In the end, I feel writing assertions is just much better for me, because I can be somewhat sure in a few tries that my invariants hold, in the same language that I use for coding, and having the same values available. Meanwhile I would waste hours trying to codify a small fraction of them in an HM type system.
> Maybe I am not smart enough, but it's never clear to me what things should be cast in type. Type the one invariant, can't type the other - and the other way around. The choice seems often arbitrary. But it has a huge influence on the overall design.
I find it best to let confidence guide me. If I'm not confident something's right, that's usually a sign I didn't type it enough. If I think I know it already, then it doesn't need more types. It affects the design but it should affect the design, I would say; decisions about which invariants are important are design decisions.

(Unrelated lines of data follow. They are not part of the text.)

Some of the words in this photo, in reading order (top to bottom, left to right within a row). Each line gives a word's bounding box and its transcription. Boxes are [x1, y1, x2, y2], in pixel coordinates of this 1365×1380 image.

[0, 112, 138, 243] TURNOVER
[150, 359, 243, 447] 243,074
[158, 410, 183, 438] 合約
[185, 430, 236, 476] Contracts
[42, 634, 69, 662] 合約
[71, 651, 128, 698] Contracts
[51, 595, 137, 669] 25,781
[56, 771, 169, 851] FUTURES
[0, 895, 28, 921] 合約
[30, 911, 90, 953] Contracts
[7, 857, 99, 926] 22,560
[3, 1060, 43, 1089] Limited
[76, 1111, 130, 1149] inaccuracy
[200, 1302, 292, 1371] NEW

> Is there a good rule for when to use a sum type vs distinct types?
If at some point you have a value that you know (and care) is one particular, well, type, make it a real type. If you only ever have values that could be one or the other and it doesn't matter which they are (or the section where it matters can be reasonably confined to a match block) then a sum type.
> but the choice of what gets to be parent and what gets the child is arbitrary and often turns out super limiting further down the line.

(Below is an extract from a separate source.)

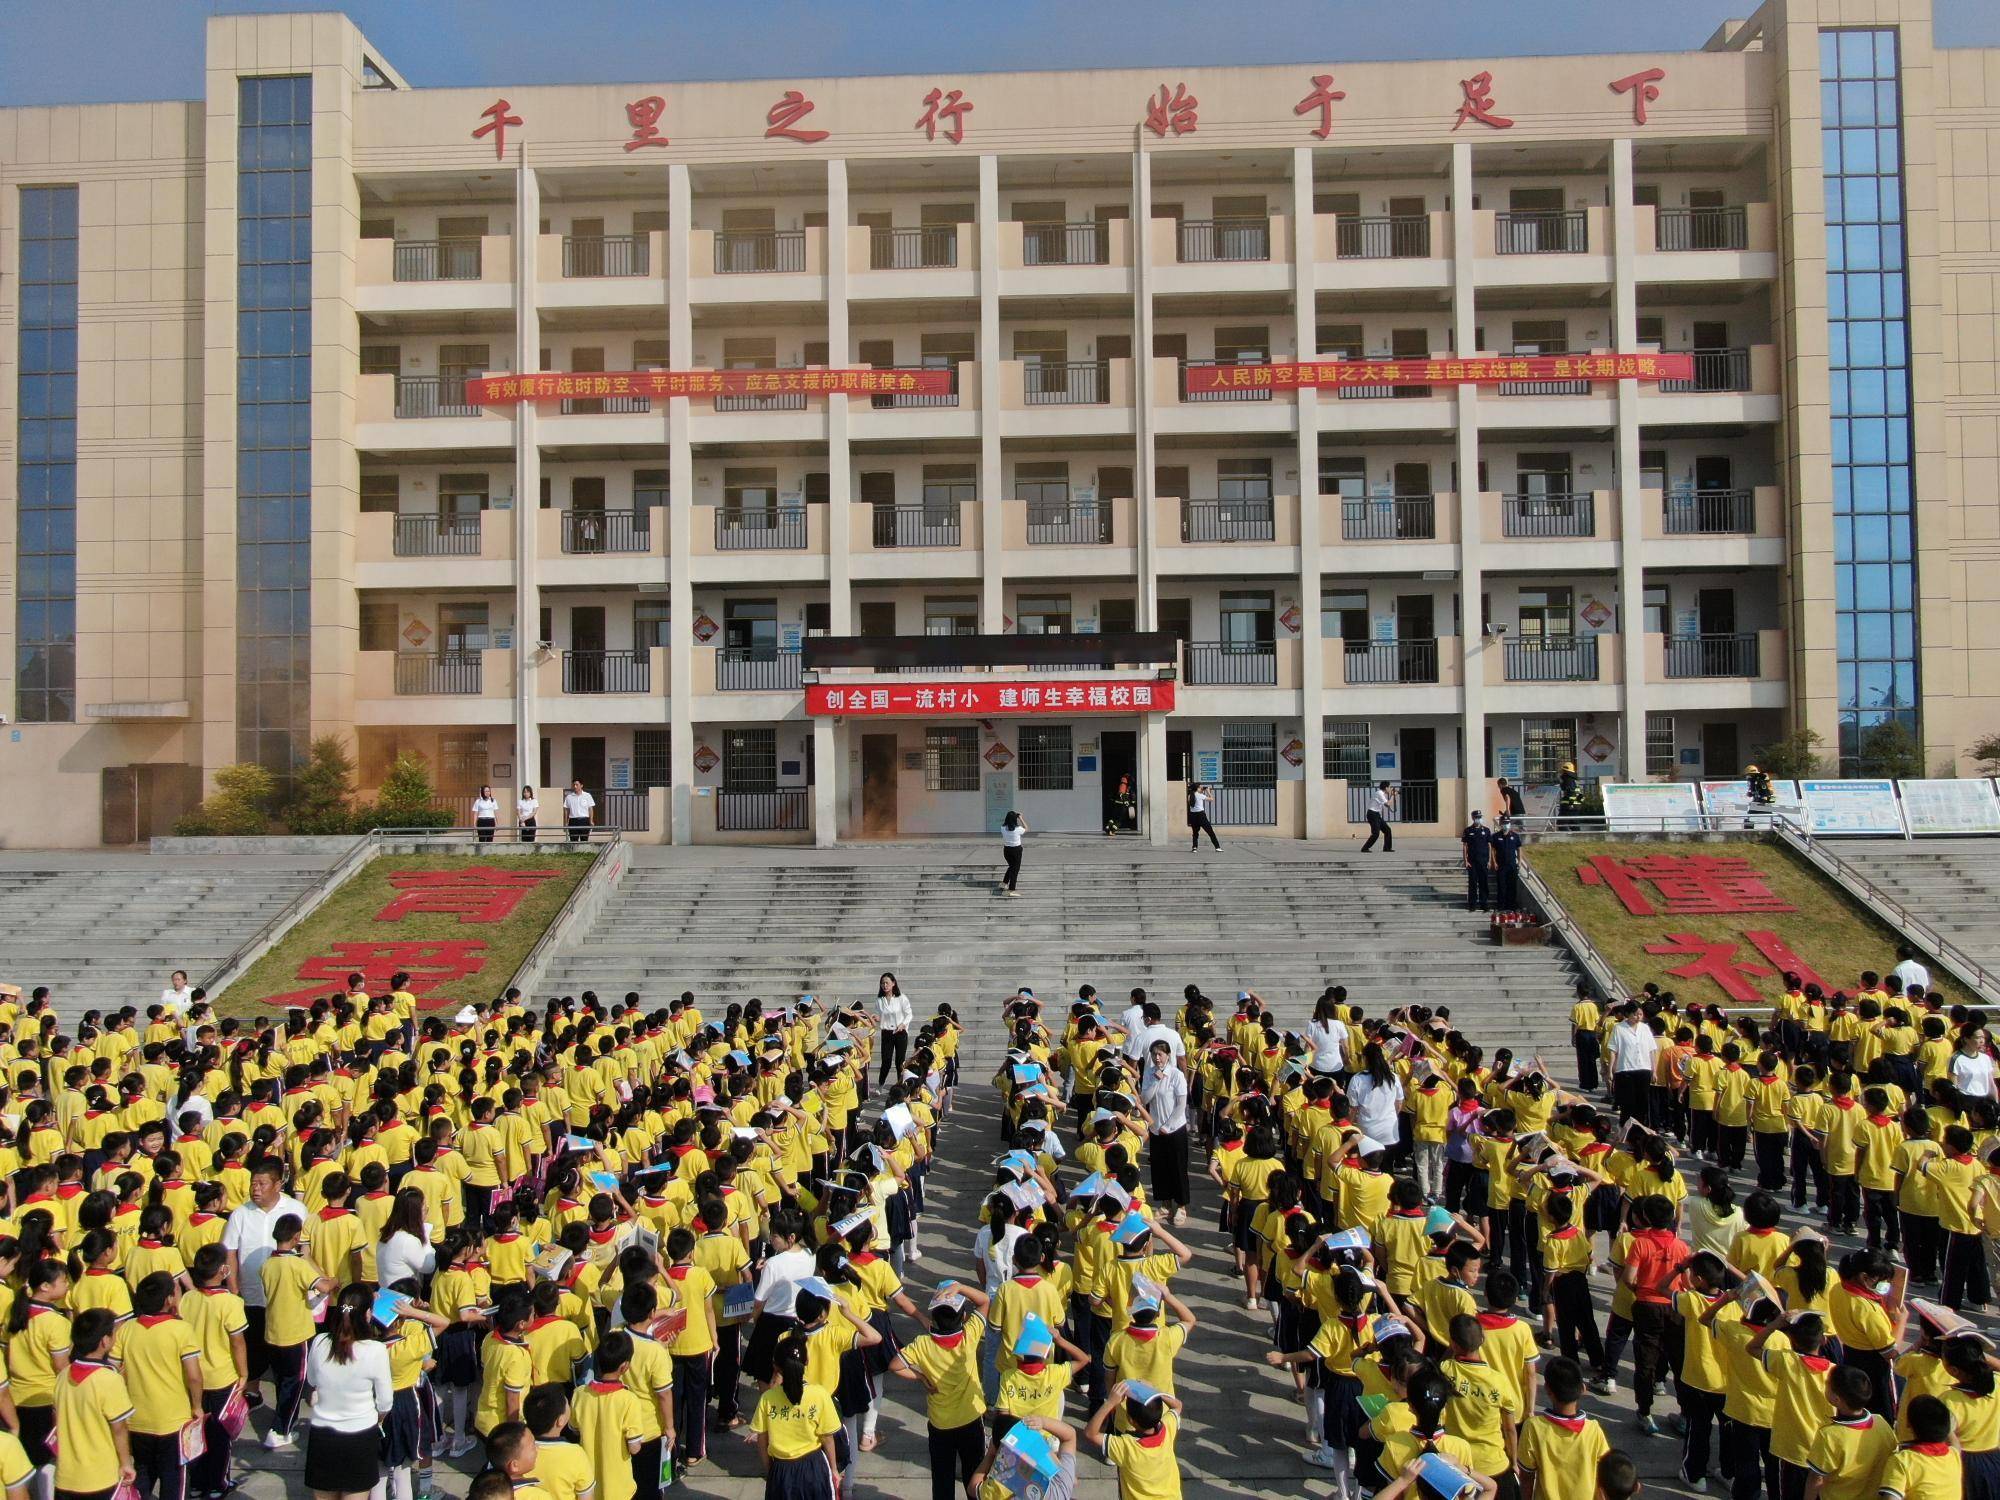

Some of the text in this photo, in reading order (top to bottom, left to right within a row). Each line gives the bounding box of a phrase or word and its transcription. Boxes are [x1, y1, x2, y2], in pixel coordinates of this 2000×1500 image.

I find this is much less true in an immutable-by-default language. E.g. in the standard circle/ellipse example it becomes completely obvious which is the parent and which is the child.
> Tables on the other hand, supported by light usage of manually coded lookup tables, have been the real game changer for me. When I'm back in a normal imperative language I can be so naturally productive and write efficient programs without relying on black compiler magic. I don't see how most of the invariants in my programs could ever be codified in a practical type system. They are so relational - they involve variables with very diverse lifetimes and expressions depending on dynamic values.

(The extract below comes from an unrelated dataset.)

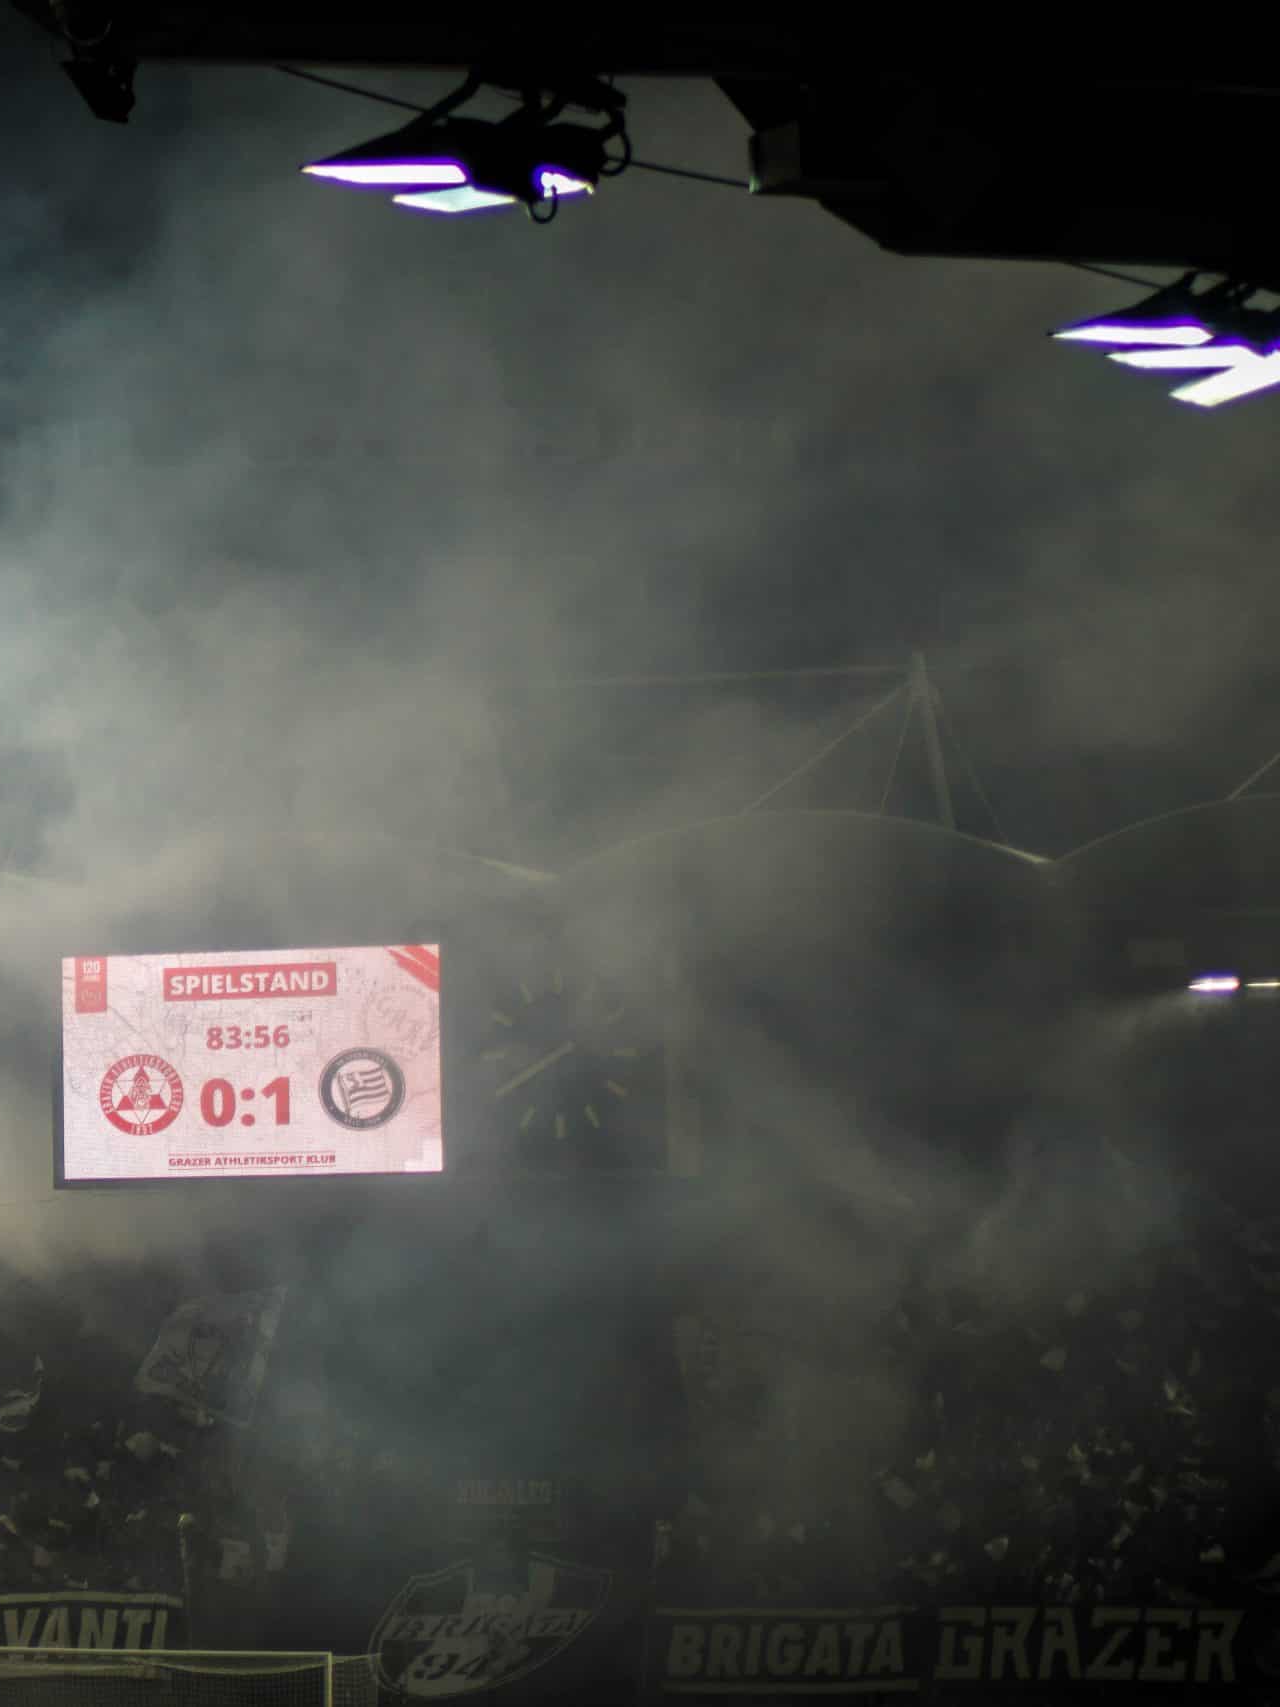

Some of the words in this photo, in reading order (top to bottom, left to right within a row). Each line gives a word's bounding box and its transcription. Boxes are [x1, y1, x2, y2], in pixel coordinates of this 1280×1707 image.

Heh, this is the opposite of my experience. I find tables always confuse me, and are usually a sign that my model needs to have an intermediate entity - like the experience described in http://wiki.c2.com/?WhatIsAnAdvancer
> I'm sure some game developers would rather have an occasional crash they can fix down the road after their game is published than be forced to make a perfect system the first time.
> Remember, with game production, it's about time-to-market, not about perfect code.
In a way you are over-selling Rust, because it doesn't offer perfect code! I'm not sure why Mozilla would pay to build it if that's what it was about.
What it offers is a lower defect rate, which is something you can definitely leverage to improve productivity. Lower defect rate at any cost is clearly too expensive; but developers seem to have been able to absorb the complexity of C++ alright and it Rust can't be called more complex than C++.
To be clear, I didn't say Rust offered perfect code. But supposedly better code comes from Rust, as you're arguing.
While Rust as a language isn't more complex, the paradigms are different. Games often have trees and lists, which are a real pain in Rust. To do things right in Rust requires learning new ways of doing things - not something game devs want to spend time on. They've been working with the same horse for years, so they keep riding it.
This might be a large investment for the engine itself, but minimal investment for the game. In my experience, the largest, buggiest and most complicated parts of a game are all contained within the engine.